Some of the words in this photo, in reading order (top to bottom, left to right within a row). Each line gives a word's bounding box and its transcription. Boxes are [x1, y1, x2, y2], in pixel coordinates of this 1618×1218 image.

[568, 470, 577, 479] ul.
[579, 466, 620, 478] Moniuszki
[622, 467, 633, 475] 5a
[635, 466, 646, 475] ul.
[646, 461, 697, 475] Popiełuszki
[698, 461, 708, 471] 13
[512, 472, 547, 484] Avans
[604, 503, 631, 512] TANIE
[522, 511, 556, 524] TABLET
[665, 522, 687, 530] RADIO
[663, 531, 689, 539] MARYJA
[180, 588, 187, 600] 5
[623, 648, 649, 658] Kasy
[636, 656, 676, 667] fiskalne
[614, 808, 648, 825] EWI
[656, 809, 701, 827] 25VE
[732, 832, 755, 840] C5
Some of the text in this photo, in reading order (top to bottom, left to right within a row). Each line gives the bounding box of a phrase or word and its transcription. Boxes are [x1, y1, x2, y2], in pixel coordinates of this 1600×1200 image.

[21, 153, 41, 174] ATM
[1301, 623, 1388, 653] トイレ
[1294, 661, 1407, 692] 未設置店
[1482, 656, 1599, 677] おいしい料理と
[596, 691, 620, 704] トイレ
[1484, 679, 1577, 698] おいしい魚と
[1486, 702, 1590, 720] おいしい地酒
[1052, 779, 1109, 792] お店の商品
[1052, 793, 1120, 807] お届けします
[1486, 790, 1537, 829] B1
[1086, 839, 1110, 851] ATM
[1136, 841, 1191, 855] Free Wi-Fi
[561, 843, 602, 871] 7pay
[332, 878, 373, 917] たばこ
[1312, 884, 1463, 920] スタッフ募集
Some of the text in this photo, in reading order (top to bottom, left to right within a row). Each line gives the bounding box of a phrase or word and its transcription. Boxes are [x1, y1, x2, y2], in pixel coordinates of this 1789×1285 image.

| Task item |
Reproduce the data above in full, with no line missing.

| Answer |
Some of the words in this photo, in reading order (top to bottom, left to right within a row). Each line gives a word's bounding box and its transcription. Boxes are [x1, y1, x2, y2], in pixel coordinates of this 1618×1218 image.

[568, 470, 577, 479] ul.
[579, 466, 620, 478] Moniuszki
[622, 467, 633, 475] 5a
[635, 466, 646, 475] ul.
[646, 461, 697, 475] Popiełuszki
[698, 461, 708, 471] 13
[512, 472, 547, 484] Avans
[604, 503, 631, 512] TANIE
[522, 511, 556, 524] TABLET
[665, 522, 687, 530] RADIO
[663, 531, 689, 539] MARYJA
[180, 588, 187, 600] 5
[623, 648, 649, 658] Kasy
[636, 656, 676, 667] fiskalne
[614, 808, 648, 825] EWI
[656, 809, 701, 827] 25VE
[732, 832, 755, 840] C5
Some of the text in this photo, in reading order (top to bottom, left to right within a row). Each line gives the bounding box of a phrase or word and its transcription. Boxes are [x1, y1, x2, y2], in pixel coordinates of this 1600×1200 image.

[21, 153, 41, 174] ATM
[1301, 623, 1388, 653] トイレ
[1294, 661, 1407, 692] 未設置店
[1482, 656, 1599, 677] おいしい料理と
[596, 691, 620, 704] トイレ
[1484, 679, 1577, 698] おいしい魚と
[1486, 702, 1590, 720] おいしい地酒
[1052, 779, 1109, 792] お店の商品
[1052, 793, 1120, 807] お届けします
[1486, 790, 1537, 829] B1
[1086, 839, 1110, 851] ATM
[1136, 841, 1191, 855] Free Wi-Fi
[561, 843, 602, 871] 7pay
[332, 878, 373, 917] たばこ
[1312, 884, 1463, 920] スタッフ募集
Some of the text in this photo, in reading order (top to bottom, left to right within a row). Each line gives the bounding box of a phrase or word and its transcription. Boxes are [x1, y1, x2, y2], in pixel coordinates of this 1789×1285 image.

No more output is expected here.